Rosenberg also said that he expects this policy will change incentives that will help nephrologists focus attention on upstream work for kidney health.
"The strategy outlined [per the Executive Order] includes both shorter-term objectives and policy changes will help more patients today and longer-term strategies that will fundamentally transform kidney therapeutics," said Rosenberg.
Expanding research opportunities
After the Executive Order was signed by President Trump, DaVita Kidney Care made a statement demonstrating its appreciation for the current Administration’s willingness to collaborate with the pharmaceutical industry to ensure growth in renal research and care.
DaVita said its focus is on developing patient-centric care models and using technologies to provide integrated care offerings for its patients.
Across the US, renal research has been expanding across the US, as researchers aim to gain a greater understanding of the disease and potential treatments, and connecting patients to trials and centers have enabled greater patient recruitment
The contract research organization (CRO), Frenova Renal Research, a division of Fresenius Medical Care North America, and the American Renal Associates, have established site networks aimed at accelerating clinical trial enrollment for kidney disease trials, expanding research opportunities for patients.
Frenova has more than 260 sites with over 450 principal investigators across the US. It also launched the F1RST UP (Frenova Rapid Start Up) alliance in late 2018 to expedite the startup of clinical trials for the treatment of renal disorders.
Additionally, the American Renal Associates created its investigative site network in 2018 to expand research by providing physician partners and sponsors the ability to reach kidney care patients.

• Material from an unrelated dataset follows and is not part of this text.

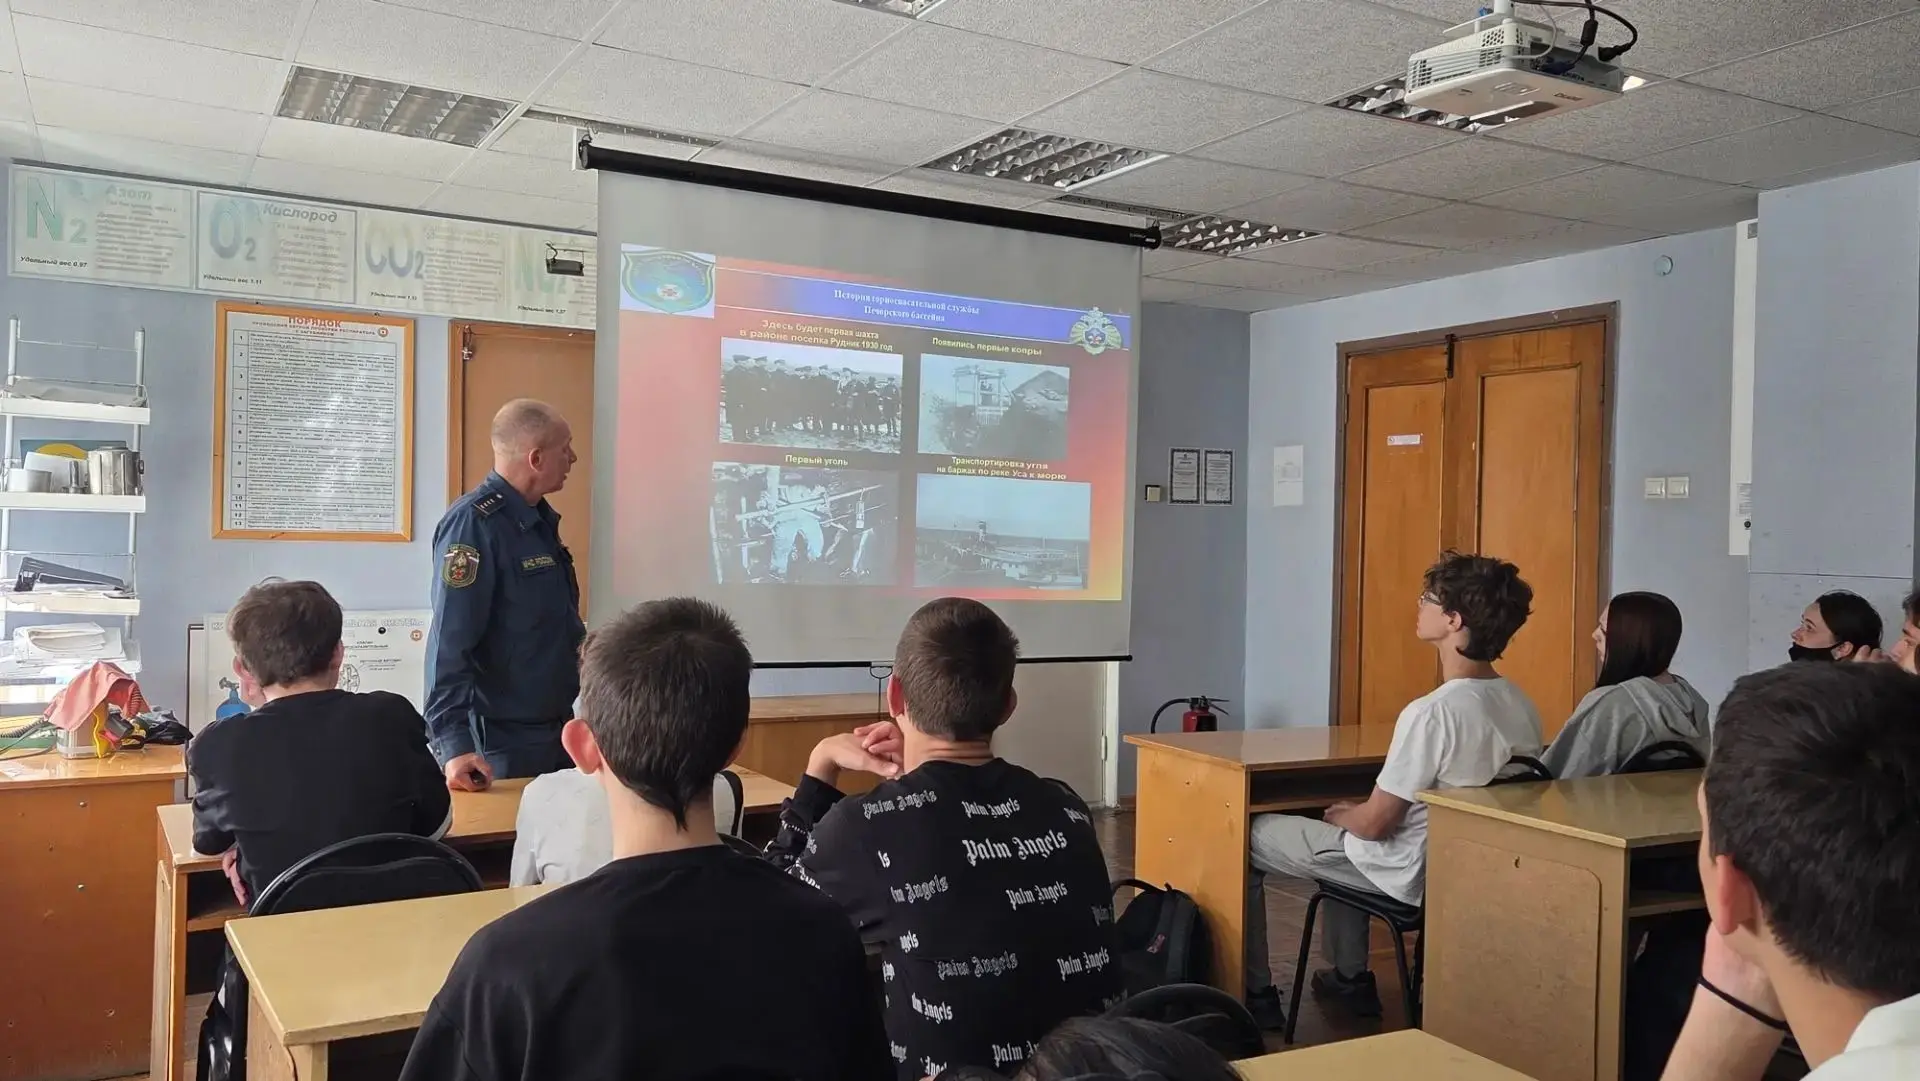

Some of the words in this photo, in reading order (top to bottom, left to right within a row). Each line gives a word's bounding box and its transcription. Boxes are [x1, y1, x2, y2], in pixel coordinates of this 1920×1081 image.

From a regulatory standpoint, the FDA has been calling for greater inclusivity in eligibility criteria to expand patient participation in trials. As such, the agency published four draft guidance’s and one final guidance addressing trial legibility criteria for cancers that often exclude specific patient populations, such as individuals with co-current conditions.

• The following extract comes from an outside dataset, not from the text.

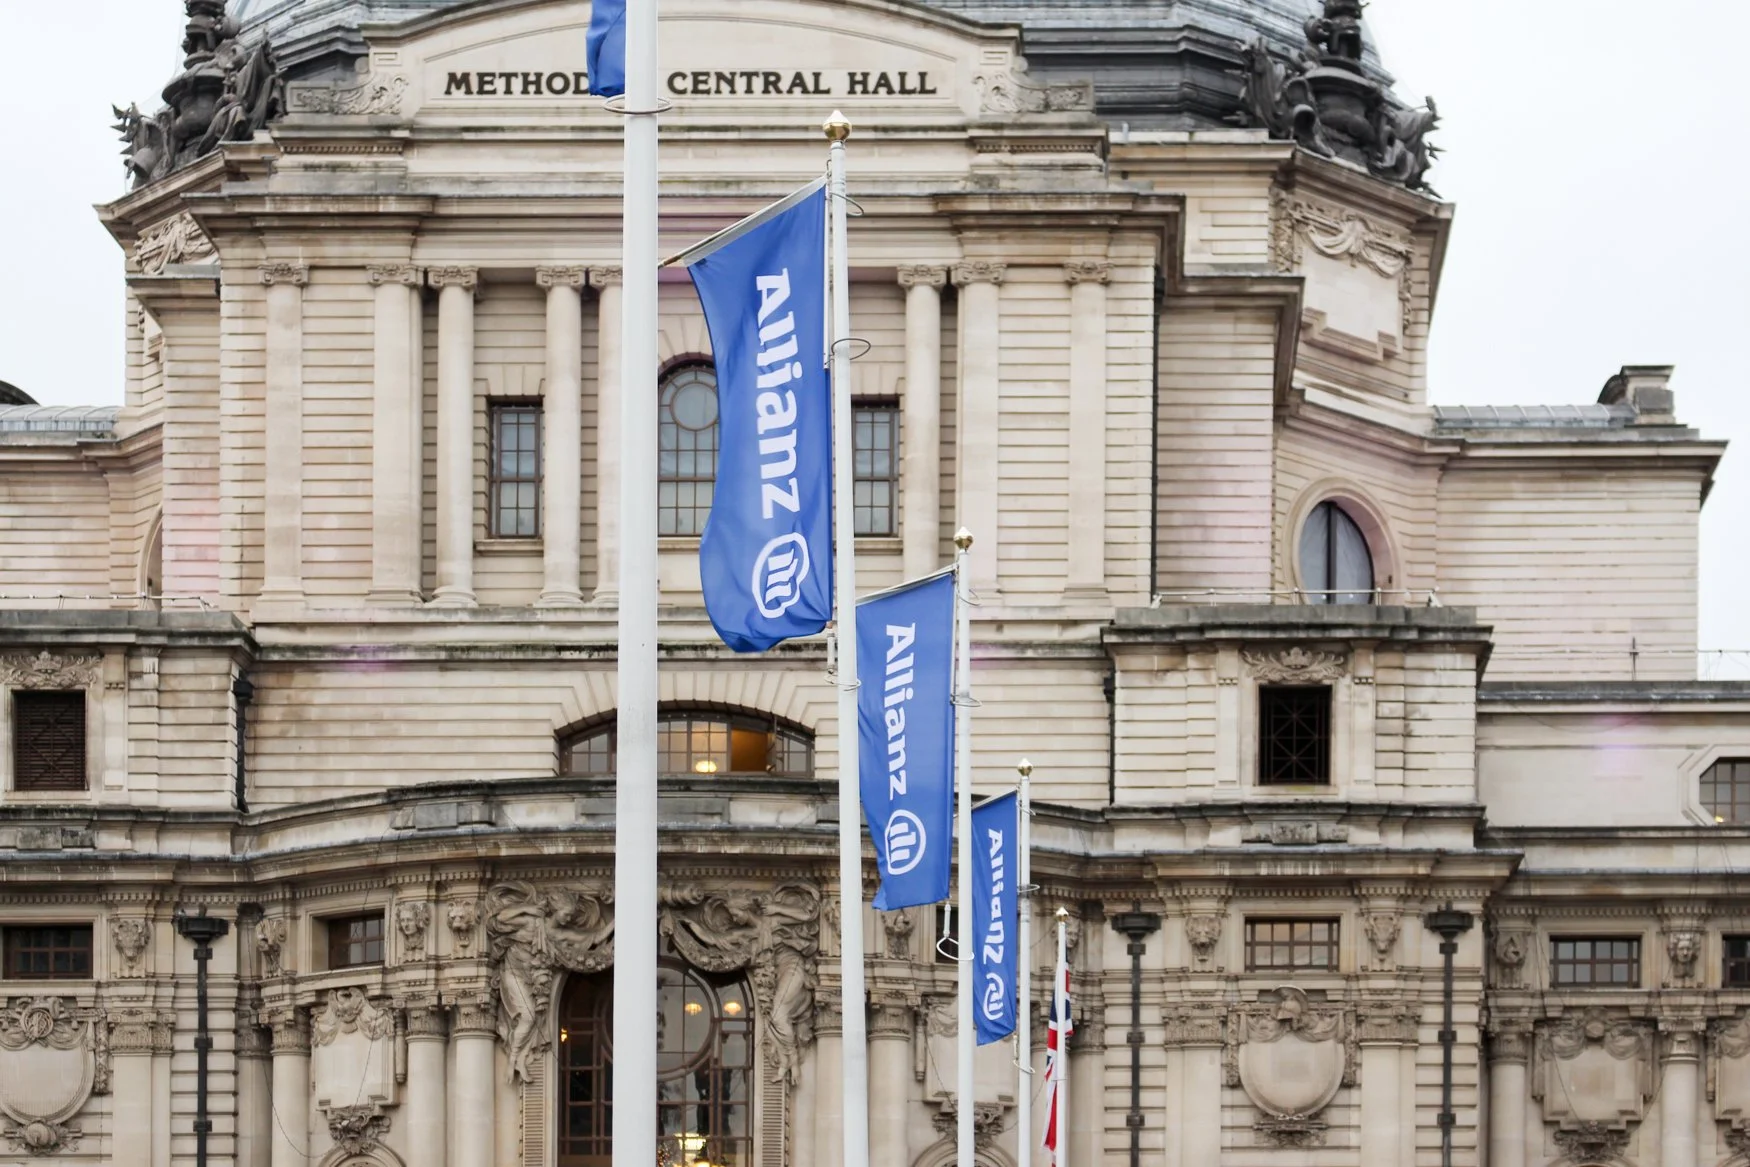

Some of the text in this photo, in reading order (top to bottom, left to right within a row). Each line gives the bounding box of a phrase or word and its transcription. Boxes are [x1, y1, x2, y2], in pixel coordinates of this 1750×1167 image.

[444, 71, 937, 95] METHOD CENTRAL HALL
[755, 267, 803, 520] Allianz
[883, 622, 916, 801] Allianz
[983, 828, 1005, 965] Allianz

Per the guidances, patients with concurrent conditions, such as organ dysfunction, renal, cardiac, and hepatic dysfunction, are to be included in trials after pharmacokinetic (PK) and pharmacodynamic (PD) testing is concluded. With this guidance, a greater patient population will be able to access clinical trials as care, including those with renal diseases.
Home dialysis trial
CVS Health announced it will initiate a clinical trial on July 17, 2019 to evaluate the safety and efficacy of HemoCare Hemodialysis System for home hemodialysis administration for renal patients.
The clinical trial is set to enroll 70 patients and will be conducted across 10 sites in the US and will be led by CVS Kidney Care, a division of CVS Health. CVS Kidney Care is also working to meet the objectives set out by HHS to expand treatment options for kidney disease.

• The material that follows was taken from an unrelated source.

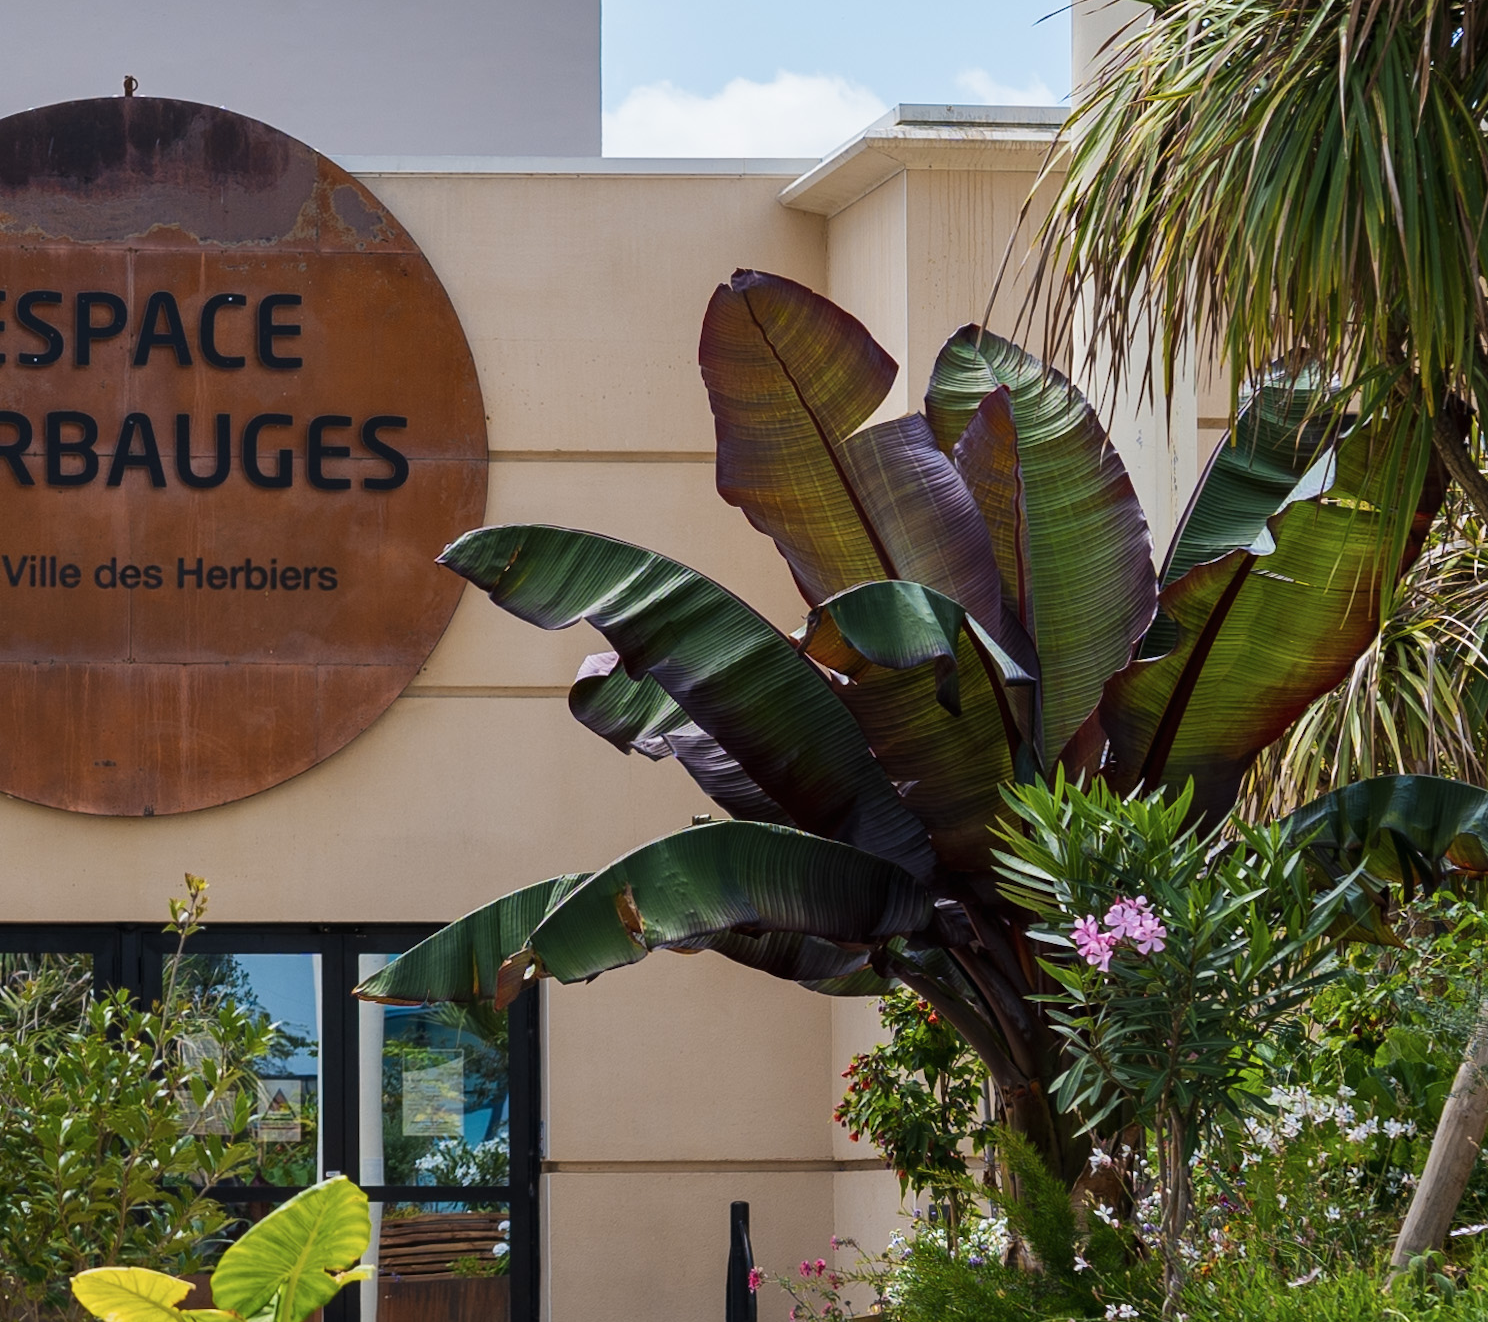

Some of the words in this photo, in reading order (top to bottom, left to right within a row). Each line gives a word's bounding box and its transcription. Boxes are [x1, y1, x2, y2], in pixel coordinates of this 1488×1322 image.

[1, 555, 82, 588] Ville
[93, 556, 164, 590] des
[176, 557, 339, 591] Herbiers

The home hemodialysis administration system meets the Executive Order’s push for care that enables patients to have a more acceptable quality of life, as the patients can administer treatments at home.
“For those patients who do progress to dialysis, we are working to bring a new solution to the consumer that addresses the current barriers to and limitations of existing dialysis options, and we’re working closely with the US FDA as we evaluate this device,” said Alan Lotvin, EVP and chief transformation officer at CVS Health.
CVS Health said that home hemodialysis may also help facilitate longer, more frequent dialysis treatments as compared to in-center treatments and result in better health outcomes in certain patient populations. The system was developed in collaboration with DEKA Research and Development Corporation.